Mi curiosidad fue más fuerte que terminar de coger los huevos, ya que los sonidos se oían más cercanos. Sin pensarlo dos
veces salí a toda prisa a la calle. Y en ese momento vimos pasar
por la carretera, a gran velocidad, a dos coches con las sirenas
sonando: i-a... i-a... i-a… y con las ventanillas bajadas, y en cada
una de ellas enarbolaban una bandera roja; al mismo tiempo iban
tirando octavillas de propaganda.
Agarré la mano de mi madre con todas mis fuerzas y le dije:
—Mamá, ¡es que las bocinas de esos coches me dan mucho
miedo! —a la vez que me aferraba con todas mis fuerzas a su cuerpo.
—No te preocupes, hijo, es que las tienen estropeadas —me
quiso tranquilizar.
Y ya no tuve ganas de terminar de coger los huevos.
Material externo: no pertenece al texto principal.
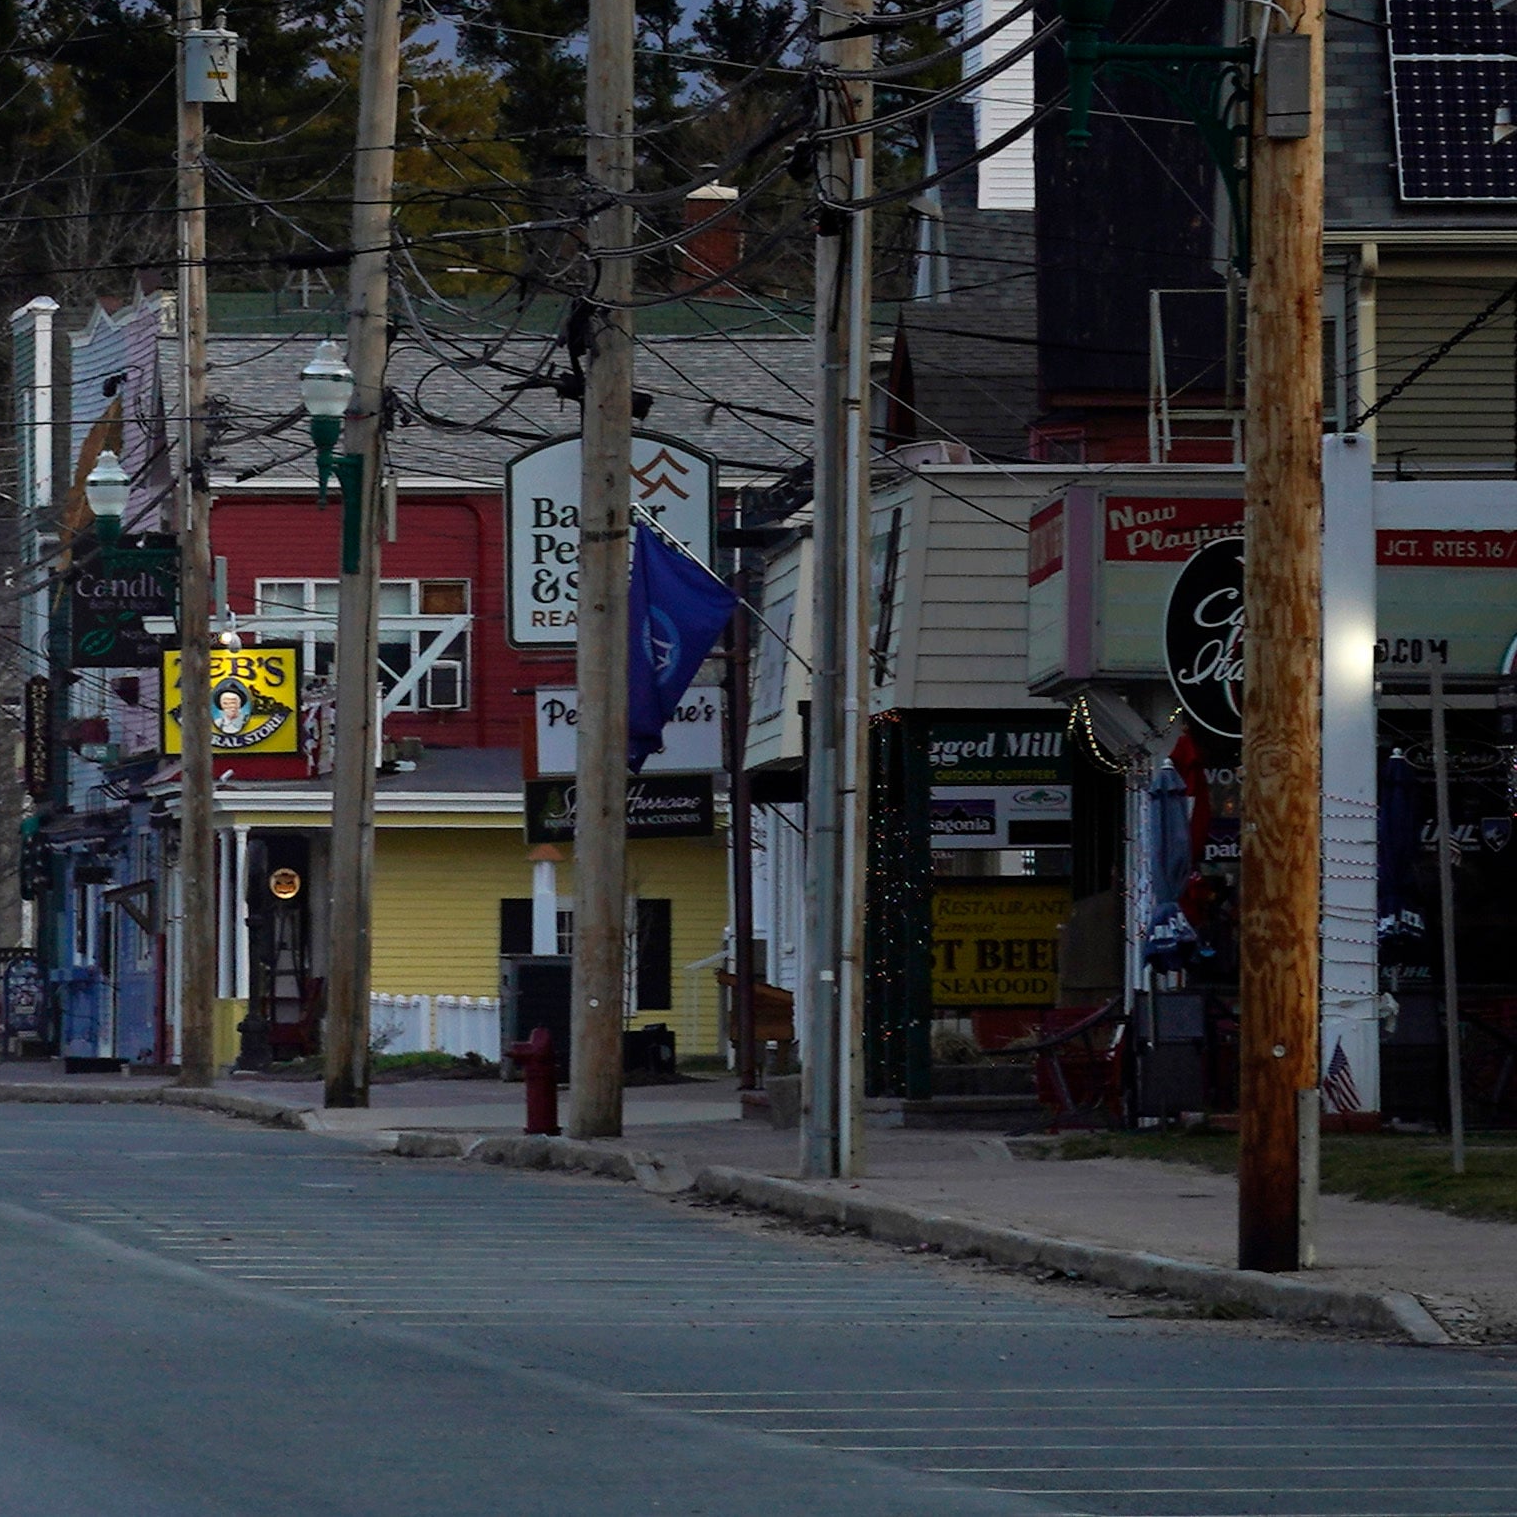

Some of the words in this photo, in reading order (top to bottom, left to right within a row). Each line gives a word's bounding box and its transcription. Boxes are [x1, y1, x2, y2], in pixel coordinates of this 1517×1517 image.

[1108, 504, 1178, 531] Now
[1383, 539, 1424, 557] JCT.
[244, 712, 286, 744] STORE
[1002, 732, 1063, 758] Mill
[934, 769, 993, 781] OUTDOOR
[994, 769, 1058, 781] OUTFITTERS
[938, 898, 1068, 915] RESTAURANT
[939, 978, 1048, 994] SEAFOOD
Mientras tanto, dentro del corral, comentaba mi padre con
mi madre:
—¡Qué poco me gusta todo esto! Estos sindicalistas, anarquistas, rojos o lo que sean, no sé lo que están tramando. Ahora,
eso sí, cada partido se monta su historia a su manera y procura
aprovecharse demostrando que sus ideales son los mejores. Hasta
hace unos días, en el pueblo, los efectos de la guerra sólo eran
comentarios, pero me parece a mí que esto ya se esta engorrinando.
Aunque yo no comprendía la conversación que llevaban
mis padres, no por eso dejaba de escuchar lo que decían.
Decidimos marcharnos a casa. Salimos a la calle. Mi padre
llevaba un haz de leña a la espalda, y mi madre el capazo y la
perola vieja de hacer la comida a los animales. Nos encontramos
a un hombre que cogía agua en la balsa. Se acercaron a él mis
padres y le preguntaron:
—¿Qué te parece todo lo que está pasando? ¿Cómo lo ves?
Él contestó sin mirarlos a la cara:
—Para mí no va nada.
Por la expresión de las caras de mis padres, observé que les
había preocupado la respuesta que les había dado el hombre.
—Es malo lo que ha contestado ese hombre, ¿verdad? —pregunté mientras lanzaba piedras a la balsa.
—Hijo, ni es bueno, ni es malo —contestó mi madre—.